Greystone, il suo giardino nell’Oxfordshire, è dunque, con le debite proporzioni, l’erede dei grandi giardini filosofici del passato, come quello di Epicuro o di Erasmo da Rotterdam.
“Alcune delle idee contenute nel Lost Garden fanno ormai parte della nostra visione del mondo; in piena era positivista, però, suonavano assai all’avangliardia: la solitudine dell’uomo-massa, la proliferazione di quegli spazi che l’antropologo francese Marc Augé chiama «non-luoghi della surmodemità», il nomadismo dell’individuo moderno.”

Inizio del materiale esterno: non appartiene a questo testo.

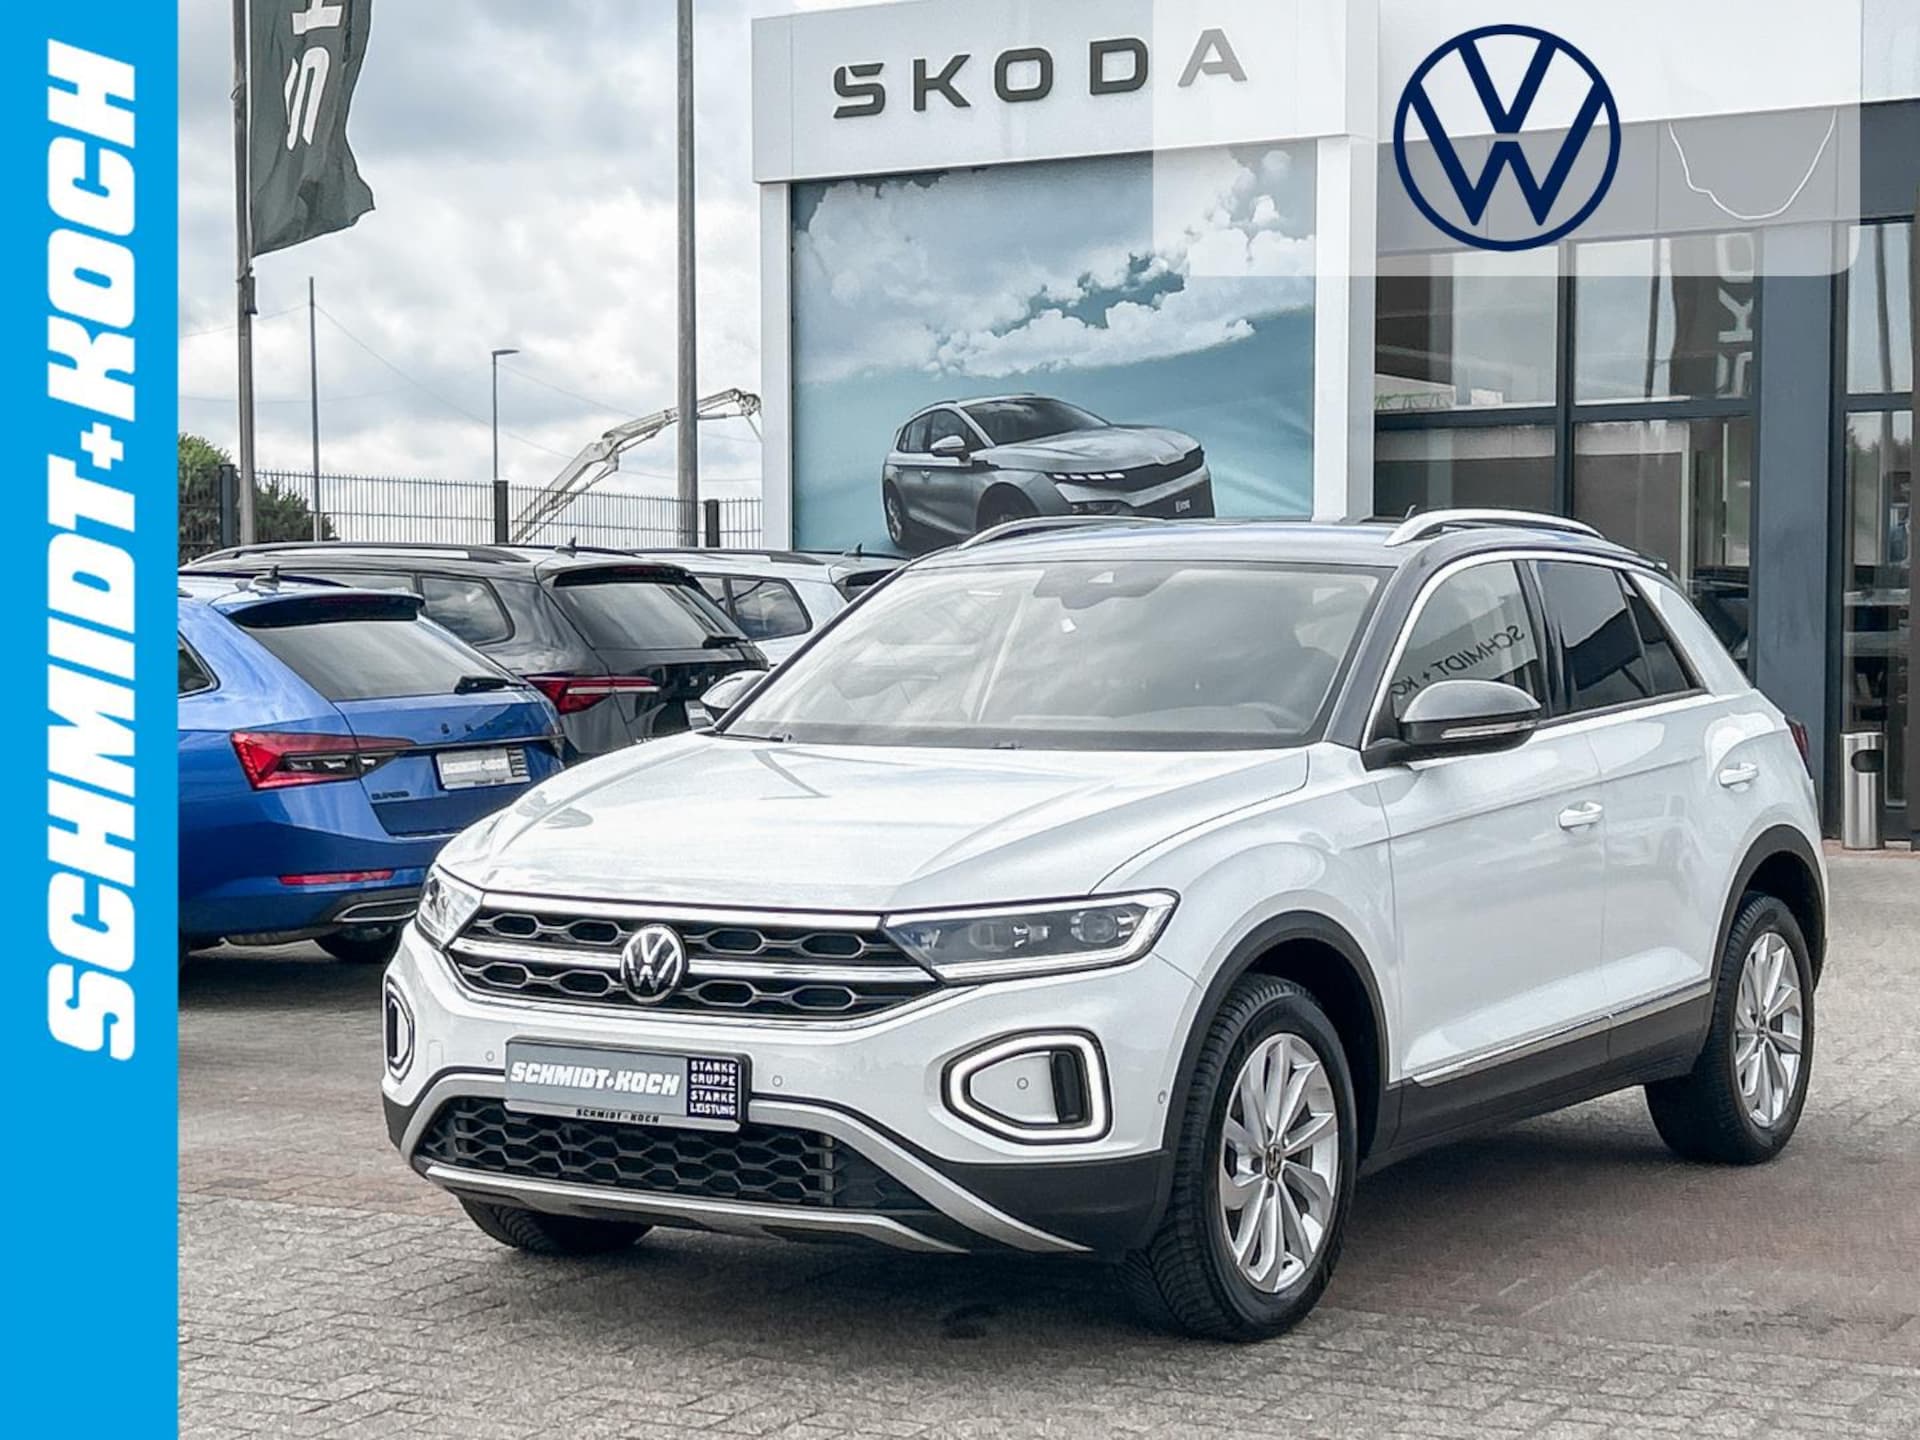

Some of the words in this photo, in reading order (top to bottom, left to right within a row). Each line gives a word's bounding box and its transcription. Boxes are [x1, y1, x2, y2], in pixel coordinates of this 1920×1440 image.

Sappiamo poco di questo islandese misterioso e solitario nato nel 1837 che lasciò il suo paese molto giovane per visitare i famosi giardini dell’Italia e della Francia. Si sarebbe in seguito stabilito in Inghilterra, dove costruì il suo “giardino selvaggio”. Nel 1912, alla fine della sua vita, De Précy scrisse questo piccolo libro che è molto più di una riflessione sul rapporto uomo-natura o di un trattato tecnico per giardinieri. In questo pamphlet ha esposto le sue idee sui giardini, ma anche le sue osservazioni sui cambiamenti sociali di un’epoca, sull’urbanizzazione e sul degrado del paesaggio.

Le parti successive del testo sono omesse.